TLN Player Profiles: LW Daniel Winnik

Though he was one of the Toronto Maple Leafs’ best trade chips last season, I was still sad to see Daniel Winnik go. Signed to an extremely reasonable one-year, $1.3M deal last offseason, Winnik was one of those reliable and effective bottom six forwards that people don’t actually hate. Most endearing was his underrated offensive pop, which helped him move up and down the lineup and post 25 points in 58 games. 

While I wouldn’t have necessarily campaigned for a long-term contract extension, it felt like Winnik would have been a useful guy to keep around. He’d provide depth and fill up a roster spot, preventing the Leafs’ young players from seeing NHL ice time too early, and not be totally painful and embarrassing to watch. 

That’s why it’s so, so satisfying to welcome Winnik back to Toronto, especially after his trade to the Pittsburgh Penguins landed the Leafs a 2015 fourth round pick, a 2016 second round pick and Zach Sill. Better yet? That fourth rounder was paired with Brad Ross and sent to the Edmonton Oilers for Martin Marincin.

Seriously. Daniel Winnik is the gift that keeps on giving.

Origin Story

Born in Toronto, Winnik played Junior A hockey with the Wexford Raiders of the OPJHL before making the jump to NCAA hockey and joining the University of New Hampshire in 2003. Winnik was a key offensive contributor in his sophomore and junior seasons in New Hampshire, drawing the attention of the (then) Phoenix Coyotes, who selected him in the ninth round of the 2004 Draft.

After just one season of AHL development, Winnik made his NHL debut in 2007, scoring 26 points in 79 games. He spent three years in the desert before being dealt to the Colorado Avalanche and effectively beginning his career as a journeyman. 

In the last four years, Winnik has hopped between Colorado, San Jose, Anaheim, Toronto, Pittsburgh, and back to Toronto. This time, he might stick around a little longer.

Career Statistics

WinnikHERO

What to Expect in 2015-16

Much of the same as last season. Winnik can play down the middle and on the wing on almost any line you need him to, though he’s probably most effective as a third line guy who can move up and down the lineup when required. 
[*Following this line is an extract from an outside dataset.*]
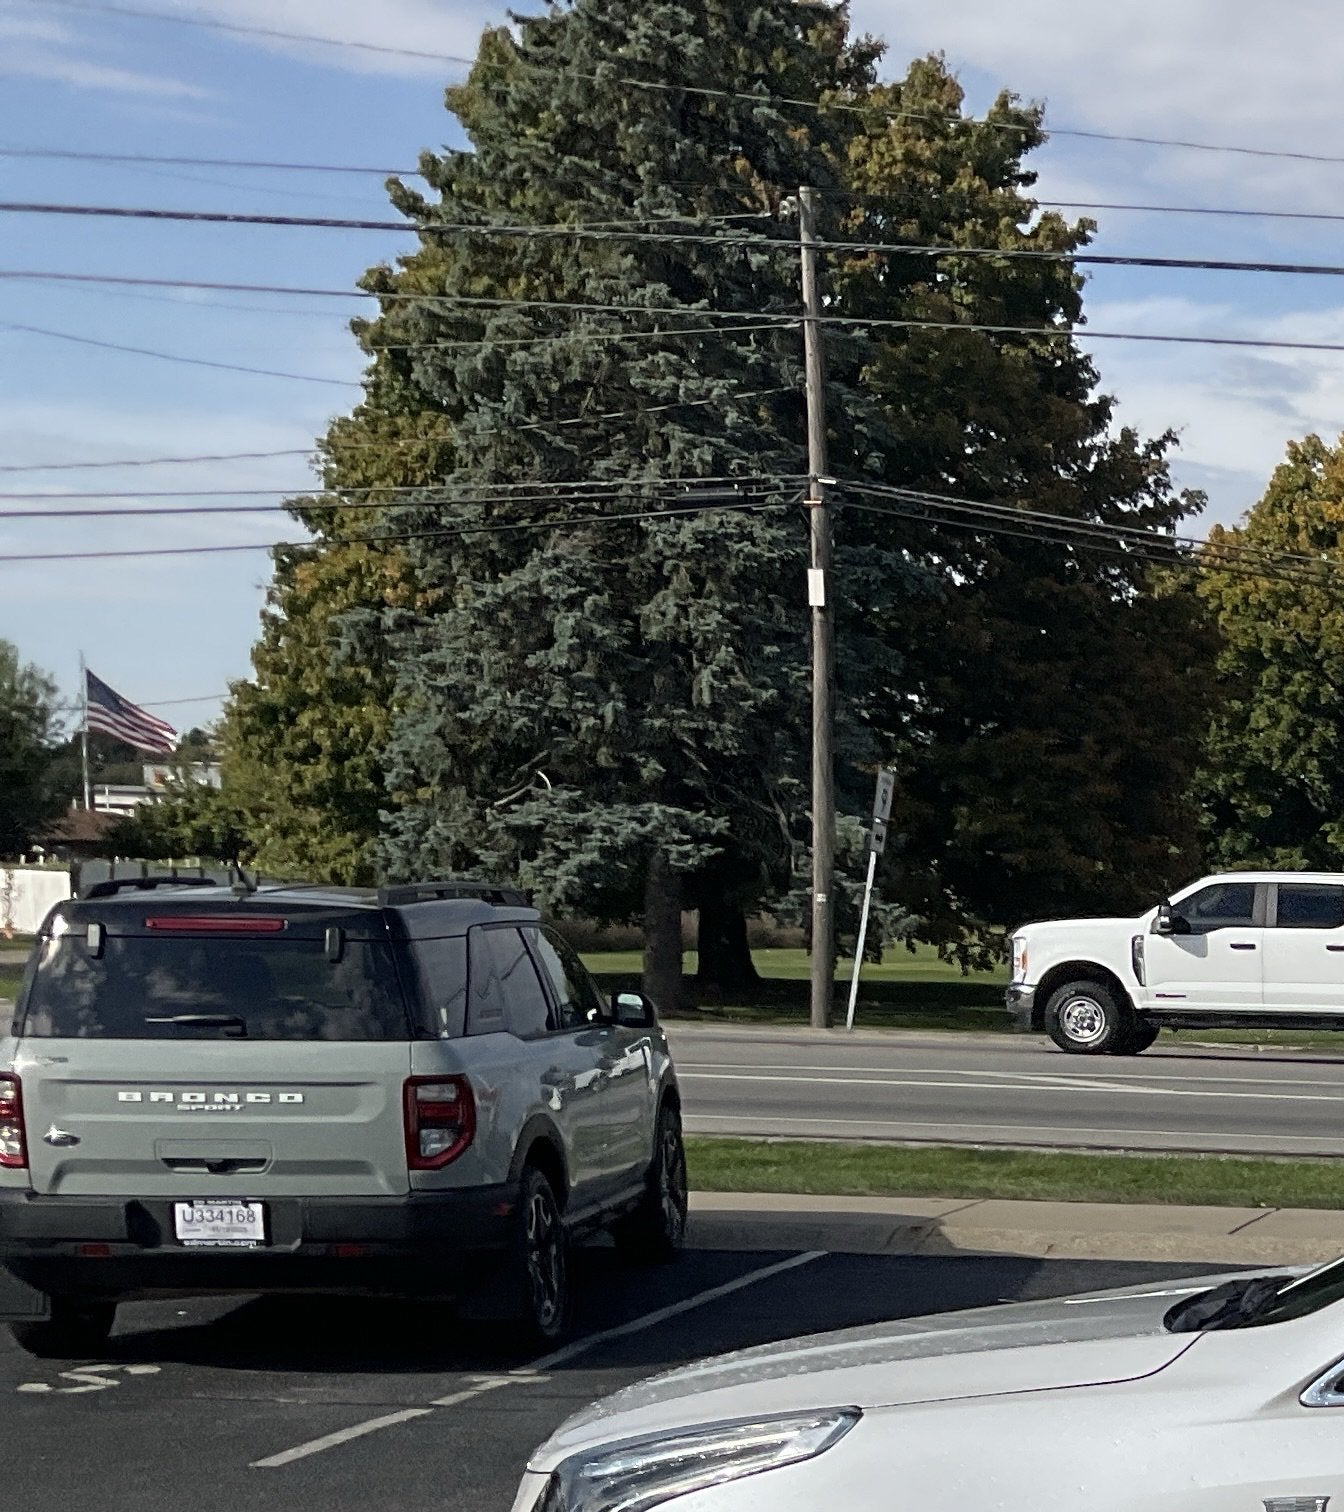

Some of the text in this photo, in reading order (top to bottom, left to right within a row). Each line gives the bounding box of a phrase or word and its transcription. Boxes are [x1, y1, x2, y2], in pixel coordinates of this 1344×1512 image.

[118, 1091, 304, 1103] BRONCO
[177, 1103, 244, 1111] SPORT
[182, 1209, 257, 1224] U334168
Winnik actually kind of seems like the perfect player for a rebuilding team. As the charts above show, Winnik is not an offensive powerhouse, so he won’t singlehandedly win you any games, but he’s a strong possession player and has solid defensive skills, so the losses won’t be catastrophic. Furthermore, when the Leafs are ready to really turn the corner in two-to-three seasons, Winnik will be able to slide down the lineup and play in a shutdown role. He’s extremely useful like that, and I imagine he’ll be one of Mike Babcock’s favourite soldiers over the next two seasons (and possibly beyond).

When Winnik joined Toronto last season for the first time, his cheap, one-year contract made him a prime candidate to be flipped for assets. He was, and it was no surprise. While his new two-year deal isn’t exactly long-term, and it isn’t exactly expensive, it feels like this time around Winnik will stick with Toronto and become a “part of the solution”.